CGF (Cascading Global Failure)

ops

Sun Jun 28 12:51:55 -0700 2009

My partner Orion Henry coined the term Cascading Global Failure, or CGF, to describe a type of catastrophe situation in production software deployments. (The term is inspired by the movie No Country For Old Men, in a line spoken by Tommy Lee Jones as he surveys a scene of mayhem and carnage early in the movie.)

CGF is not the right label for ordinary system failures. An ordinary failure has a single cause, and one or more symptoms limited in scope, though not necessarily damage. Ordinary failures may have serious symptoms - like your site being unavailable - but the diagnosis is straightforward. For example: your entire site throwing a 500 because you failed to run your database migrations. This is a simple, though fairly catastrophic, failure. This would not qualify as a CGF.
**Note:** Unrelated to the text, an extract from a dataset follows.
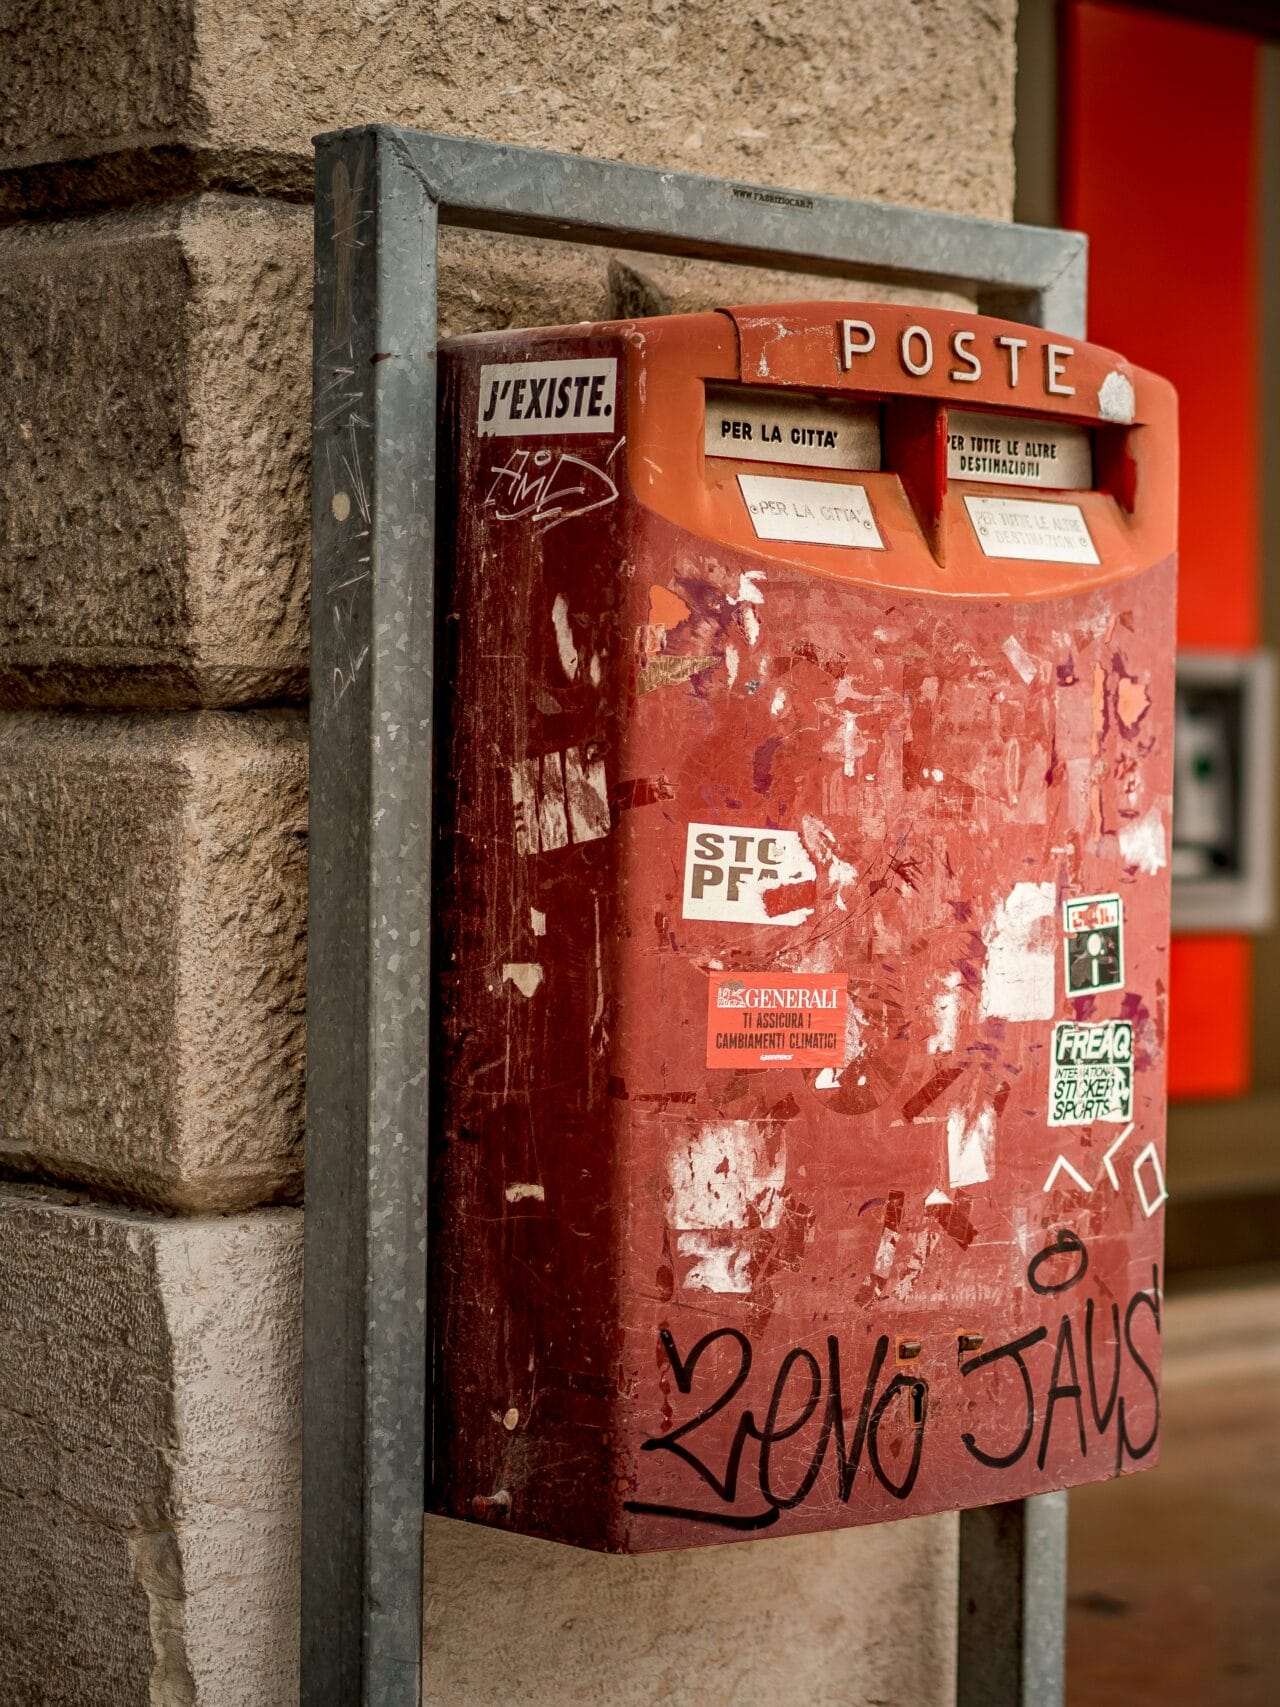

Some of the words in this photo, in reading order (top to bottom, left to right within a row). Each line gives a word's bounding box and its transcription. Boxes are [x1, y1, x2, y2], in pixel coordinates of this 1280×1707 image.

A CGF is a failure in which many small problems overlap, creating series of symptoms that cascade through the entire system to produce symptoms which may seem entirely unrelated to the root causes. For example: a bug in one daemon is causing it to spew messages; which in turn causes the message queue to get backend up; which exposes a previously unknown timing issue in another one of the daemons, causing it to send REST calls out of order; and the app that receives those calls doesn’t verify its input closely enough, and starts writing corrupt records into the database.

CGFs can be maddening to debug, because there is no single cause. The issues which combine to create the CGF are usually totally unrelated - often a bug or multiple bugs that have been lurking in the code for months are exposed by a recent code change or change in the system load. In some cases, a CGF can become a strange loop: the tools that you would use to diagnose the issues are themselves slow, showing wrong information, or totally non-functional as another symptom of the CGF.

Thanks to the Coen brothers for providing us with this descriptive term.